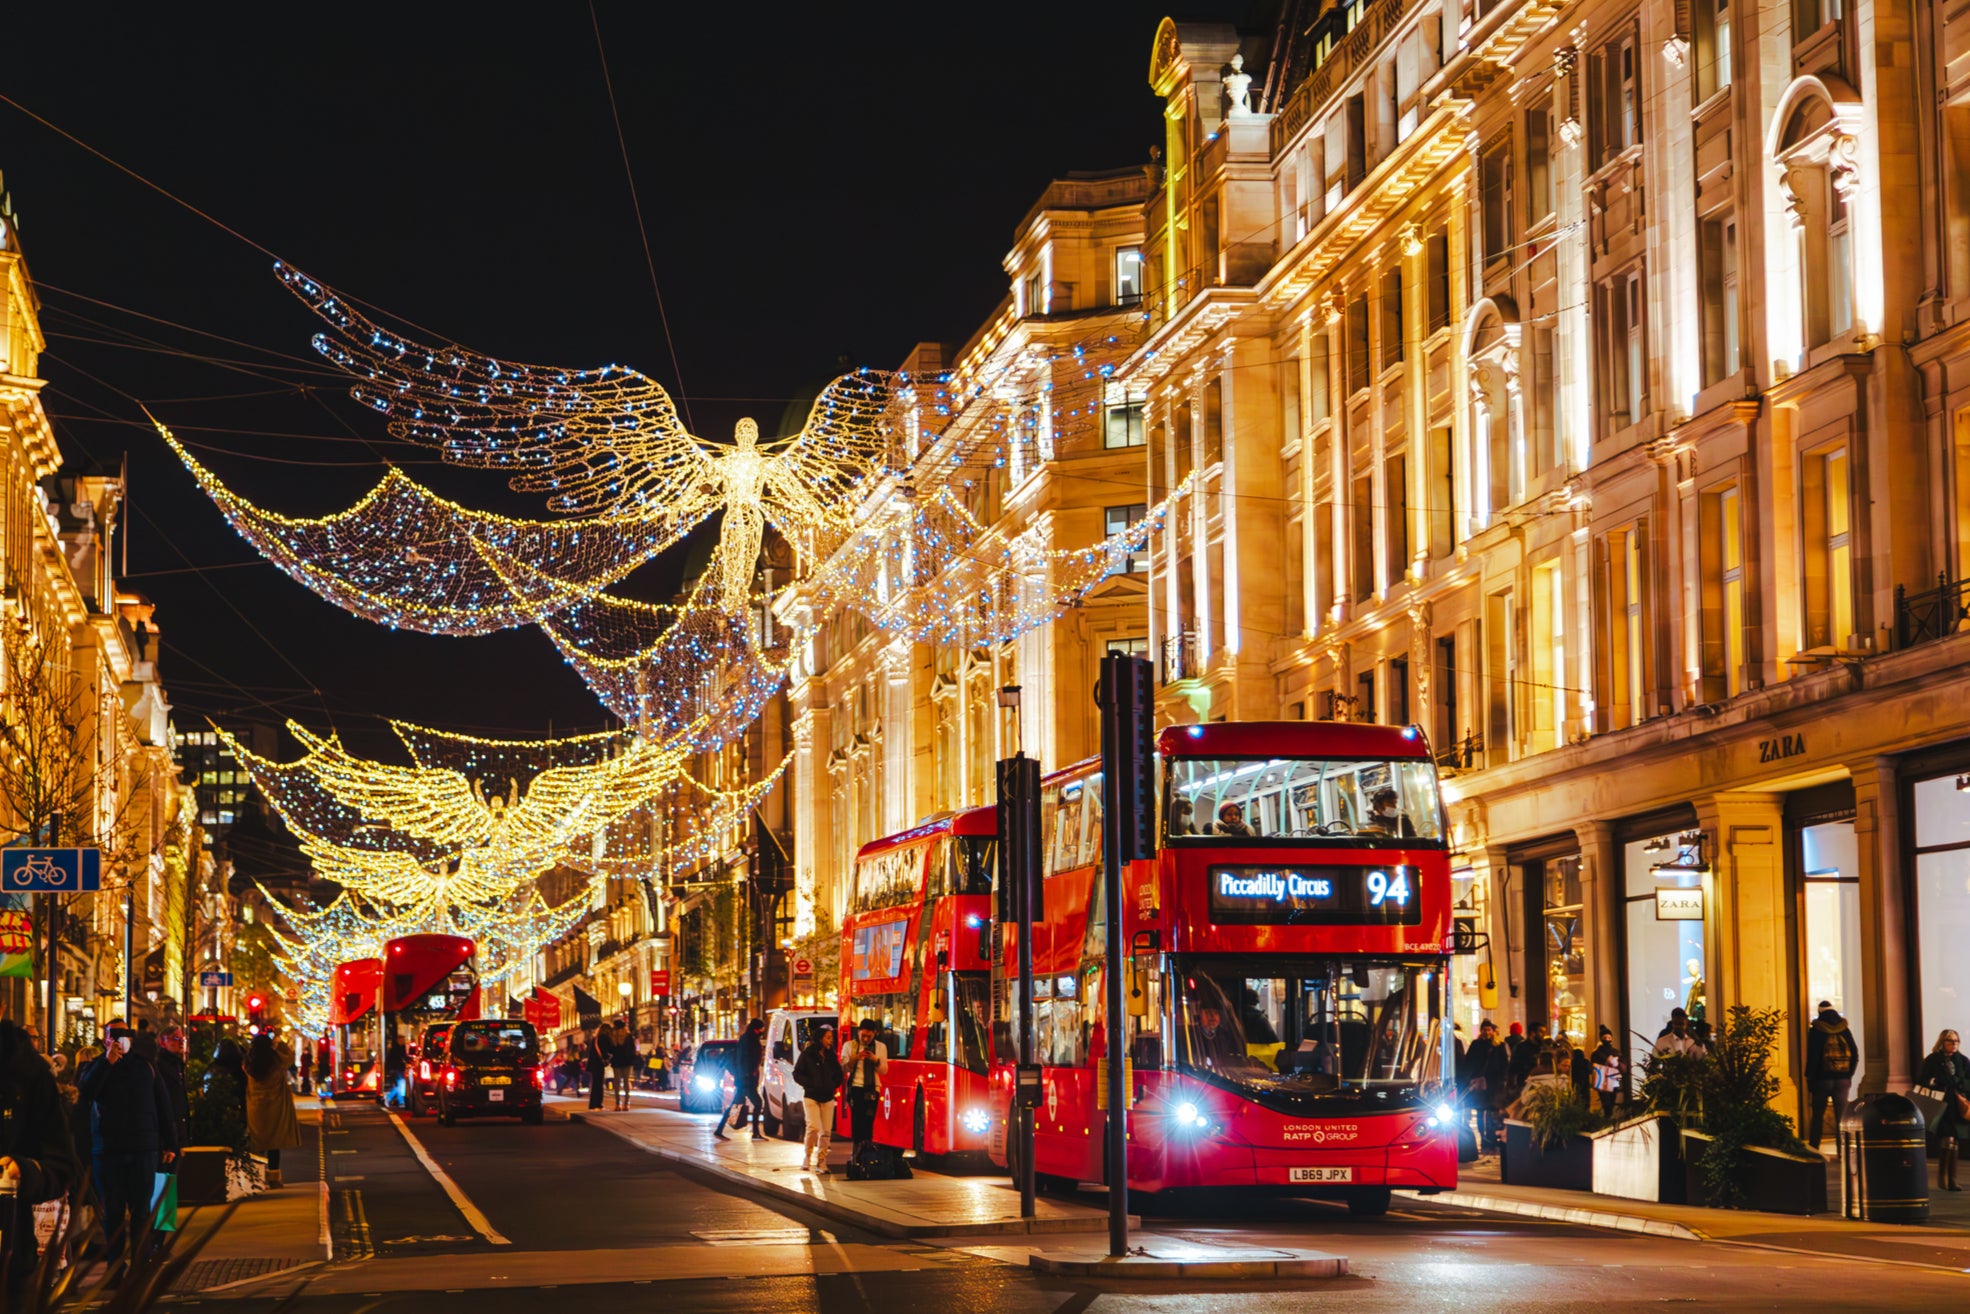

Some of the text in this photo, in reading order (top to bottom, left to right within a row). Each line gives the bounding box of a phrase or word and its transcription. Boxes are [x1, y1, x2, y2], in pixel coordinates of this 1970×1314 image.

[1759, 733, 1806, 763] ZARA
[1221, 873, 1329, 901] Piccadilly Circus
[1367, 871, 1409, 905] 94
[1660, 900, 1700, 909] ZARA
[1404, 943, 1418, 951] BCE
[1283, 1132, 1358, 1141] RATP GROUP
[1294, 1169, 1347, 1180] LB69 JPX
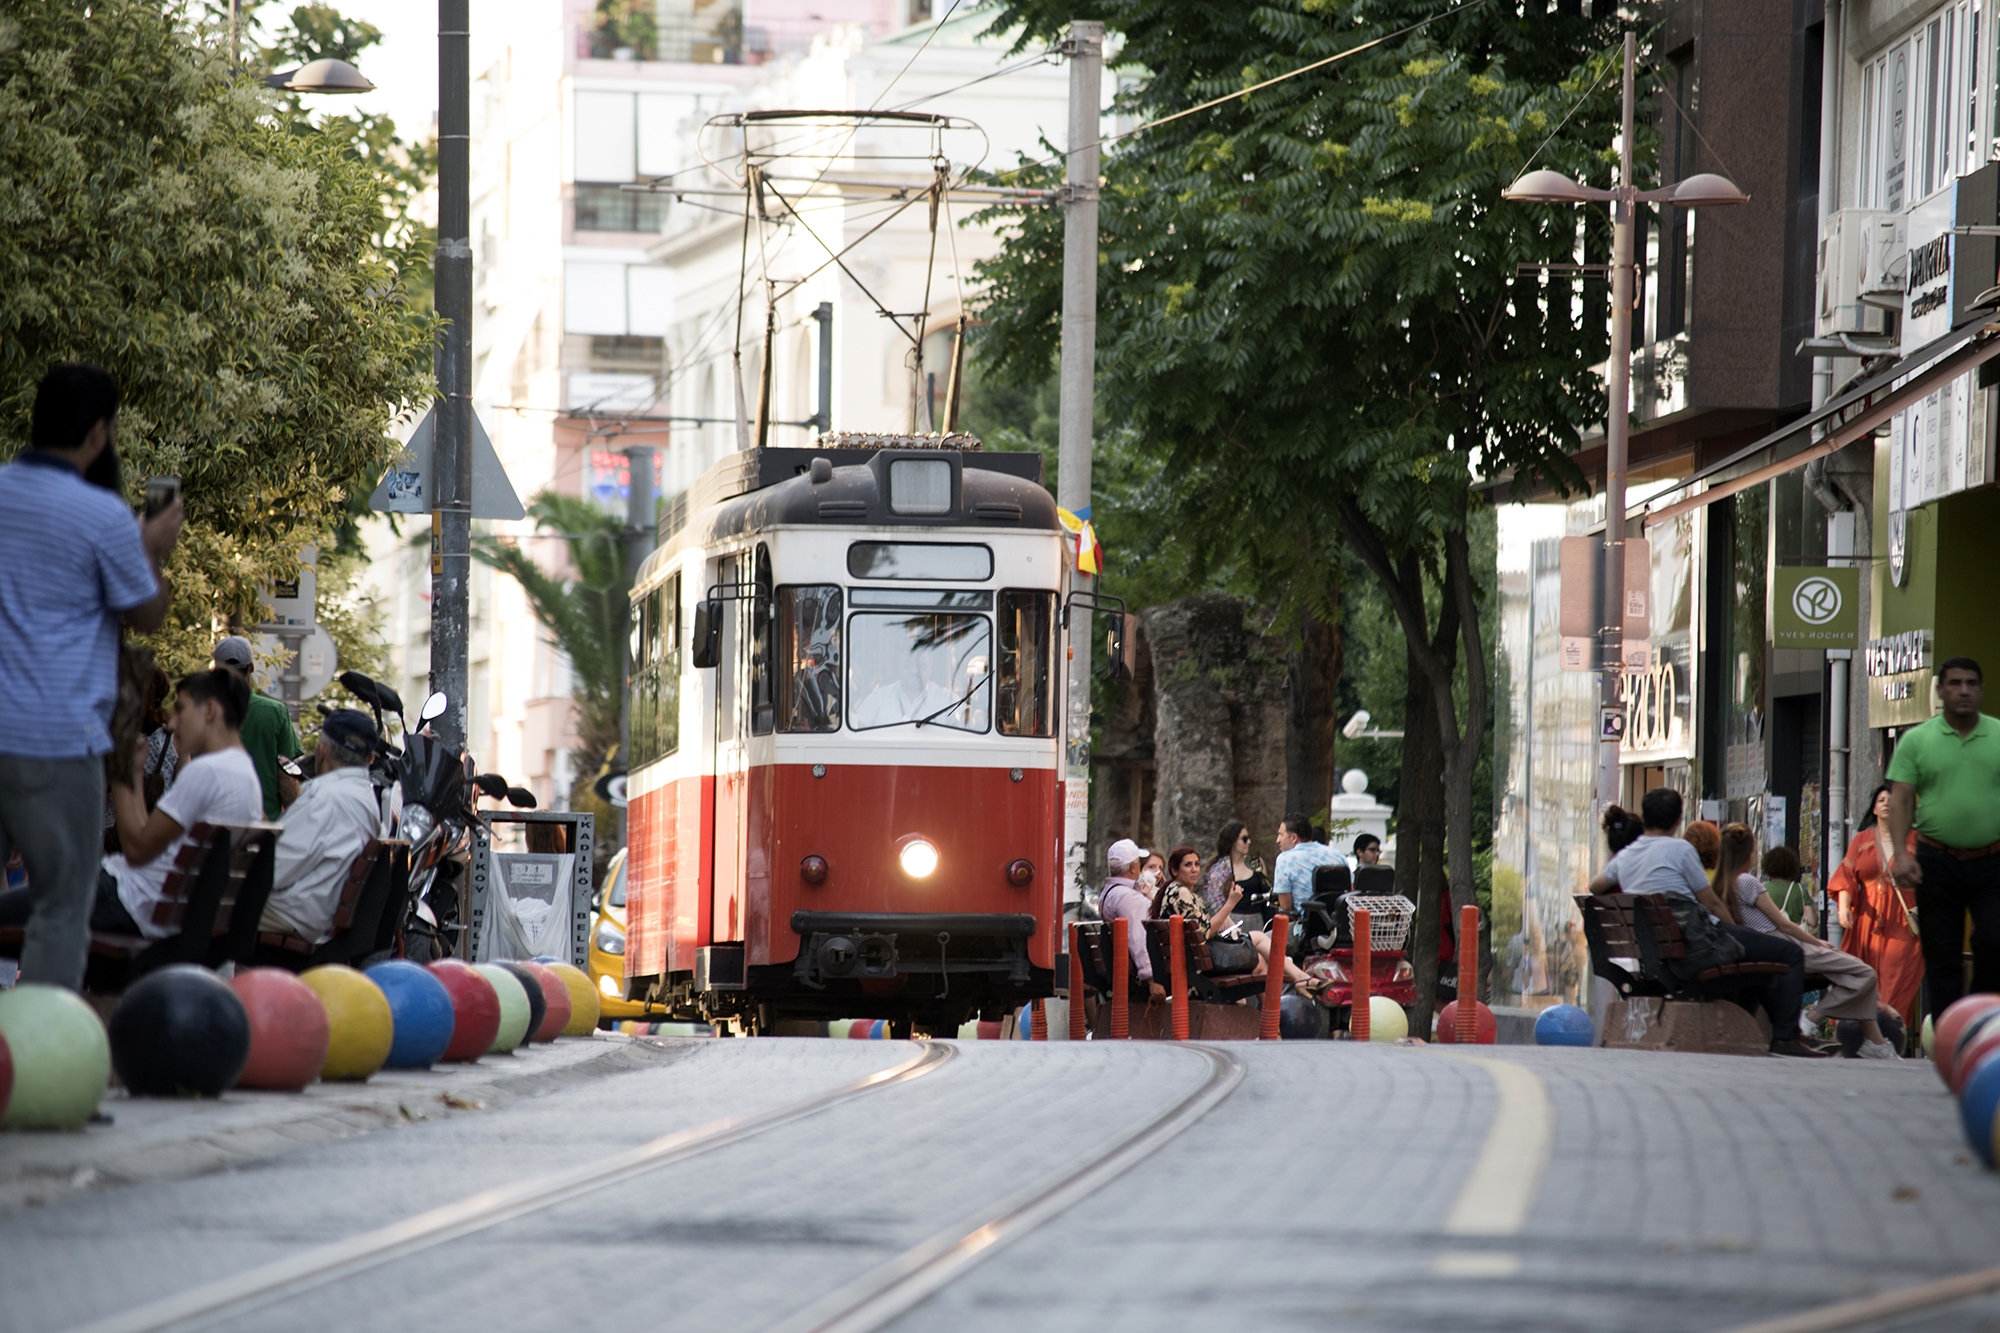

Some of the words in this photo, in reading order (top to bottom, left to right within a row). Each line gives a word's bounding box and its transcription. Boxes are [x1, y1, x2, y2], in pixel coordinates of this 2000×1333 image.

[1779, 631, 1805, 639] YVES
[1809, 631, 1854, 639] ROCHER
[1887, 629, 1924, 675] ROCHER
[1619, 648, 1676, 752] eFacto
[474, 840, 487, 893] DIKÖY

________________

* Your task *
Repeat each line of the records exactly. Do not include the pictures.

* Output of the task *
Some of the text in this photo, in reading order (top to bottom, left to right within a row). Each line gives the bounding box of a phrase or word and its transcription. Boxes are [x1, y1, x2, y2], in pixel coordinates of this 1970×1314 image.

[1759, 733, 1806, 763] ZARA
[1221, 873, 1329, 901] Piccadilly Circus
[1367, 871, 1409, 905] 94
[1660, 900, 1700, 909] ZARA
[1404, 943, 1418, 951] BCE
[1283, 1132, 1358, 1141] RATP GROUP
[1294, 1169, 1347, 1180] LB69 JPX

Some of the words in this photo, in reading order (top to bottom, left to right within a row). Each line gives a word's bounding box and its transcription. Boxes are [x1, y1, x2, y2], in pixel coordinates of this 2000×1333 image.

[1779, 631, 1805, 639] YVES
[1809, 631, 1854, 639] ROCHER
[1887, 629, 1924, 675] ROCHER
[1619, 648, 1676, 752] eFacto
[474, 840, 487, 893] DIKÖY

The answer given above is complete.